Activity 2#

Download the data for the assignment from here. This dataset contains population and income data for Census tracts in Lane County, Oregon. In this activity, we will use the geopandas package to do some basic analysis on this dataset.

Note

B01003_001 is population and B19301_001 is household income.

../../_images/lane-county.png
  • Activate the .gds Python environment by opening an Anaconda Prompt (miniconda3) (Windows) or Terminal (macOS). Then, on Windows:

.gds\Scripts\activate

Or, on macOS:

source .gds/bin/activate

Note

Make sure you run this command from the same directory as the .gds environment folder.

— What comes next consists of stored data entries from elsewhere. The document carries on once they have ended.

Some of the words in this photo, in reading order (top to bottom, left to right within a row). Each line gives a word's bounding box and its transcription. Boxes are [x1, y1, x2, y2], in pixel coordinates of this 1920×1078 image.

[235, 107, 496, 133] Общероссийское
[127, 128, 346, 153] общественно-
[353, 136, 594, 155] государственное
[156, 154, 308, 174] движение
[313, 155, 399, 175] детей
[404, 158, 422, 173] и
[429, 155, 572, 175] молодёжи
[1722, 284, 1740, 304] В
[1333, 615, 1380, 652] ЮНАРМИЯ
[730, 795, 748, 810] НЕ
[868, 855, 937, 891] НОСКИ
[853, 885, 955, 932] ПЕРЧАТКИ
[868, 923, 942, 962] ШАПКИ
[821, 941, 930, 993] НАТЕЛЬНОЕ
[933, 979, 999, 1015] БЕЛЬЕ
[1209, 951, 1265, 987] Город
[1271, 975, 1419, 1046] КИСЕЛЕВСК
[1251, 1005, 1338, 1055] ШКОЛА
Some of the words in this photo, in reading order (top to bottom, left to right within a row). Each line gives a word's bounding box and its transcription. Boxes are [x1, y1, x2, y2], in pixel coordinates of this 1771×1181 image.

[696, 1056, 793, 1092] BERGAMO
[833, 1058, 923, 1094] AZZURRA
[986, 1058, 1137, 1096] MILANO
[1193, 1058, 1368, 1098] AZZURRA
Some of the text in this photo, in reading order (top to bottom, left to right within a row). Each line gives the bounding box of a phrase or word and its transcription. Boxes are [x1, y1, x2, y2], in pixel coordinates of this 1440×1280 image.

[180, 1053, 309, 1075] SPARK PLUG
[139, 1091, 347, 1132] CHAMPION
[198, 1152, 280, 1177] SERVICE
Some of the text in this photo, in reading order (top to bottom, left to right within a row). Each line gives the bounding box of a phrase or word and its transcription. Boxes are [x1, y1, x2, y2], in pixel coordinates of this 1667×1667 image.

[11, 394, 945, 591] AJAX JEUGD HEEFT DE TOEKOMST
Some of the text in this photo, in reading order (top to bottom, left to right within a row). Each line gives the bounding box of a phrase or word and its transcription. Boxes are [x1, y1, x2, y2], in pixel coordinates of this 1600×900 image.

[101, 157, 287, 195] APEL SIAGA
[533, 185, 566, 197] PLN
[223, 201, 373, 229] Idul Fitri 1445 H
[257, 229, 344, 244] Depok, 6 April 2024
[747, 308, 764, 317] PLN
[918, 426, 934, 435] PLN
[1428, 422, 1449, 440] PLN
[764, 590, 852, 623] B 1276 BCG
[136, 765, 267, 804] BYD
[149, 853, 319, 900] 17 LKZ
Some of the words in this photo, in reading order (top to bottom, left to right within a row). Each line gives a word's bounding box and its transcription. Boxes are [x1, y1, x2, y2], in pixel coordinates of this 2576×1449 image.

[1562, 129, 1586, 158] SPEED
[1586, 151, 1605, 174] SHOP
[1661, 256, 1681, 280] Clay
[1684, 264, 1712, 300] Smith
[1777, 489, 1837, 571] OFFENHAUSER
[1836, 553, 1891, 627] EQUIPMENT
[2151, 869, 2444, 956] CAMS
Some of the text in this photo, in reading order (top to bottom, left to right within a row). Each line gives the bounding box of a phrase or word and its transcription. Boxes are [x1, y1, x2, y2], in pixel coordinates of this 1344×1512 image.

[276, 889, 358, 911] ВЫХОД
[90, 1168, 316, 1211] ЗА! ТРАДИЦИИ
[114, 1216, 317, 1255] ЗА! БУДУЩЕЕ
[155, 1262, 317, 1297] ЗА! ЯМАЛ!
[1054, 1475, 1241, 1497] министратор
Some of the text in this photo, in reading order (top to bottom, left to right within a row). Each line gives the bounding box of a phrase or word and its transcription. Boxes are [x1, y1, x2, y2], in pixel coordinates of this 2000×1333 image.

  • Open a Jupyter Notebook by running:

jupyter notebook

Tip

If you run this command from your course folder, your .ipynb assignment will automatically be saved there.


Task 1 (5 points)#

Import the geopandas package and read the shapefile. Write some code that prints the following information:

  • Number of columns

  • Number of rows

  • The maximum B01003_001 value

  • The minimum B19301_001 value

  • The mean B19301_001 value


Task 2 (5 points)#

  • Reproject the shapefile to a projected coordinate system (i.e. spatial units are in meters)

  • Make a new column that contains population density (in km2).

  • What is the min, mean, and max population density?


Task 3 (5 points)#

  • Make a choropleth map showing population density

  • Make a choropleth map showing household income.

  • Customize both plots so they look more presentable.


Important

Save your notebook locally in both .ipynb and .pdf formats but only submit the pdf to Canvas.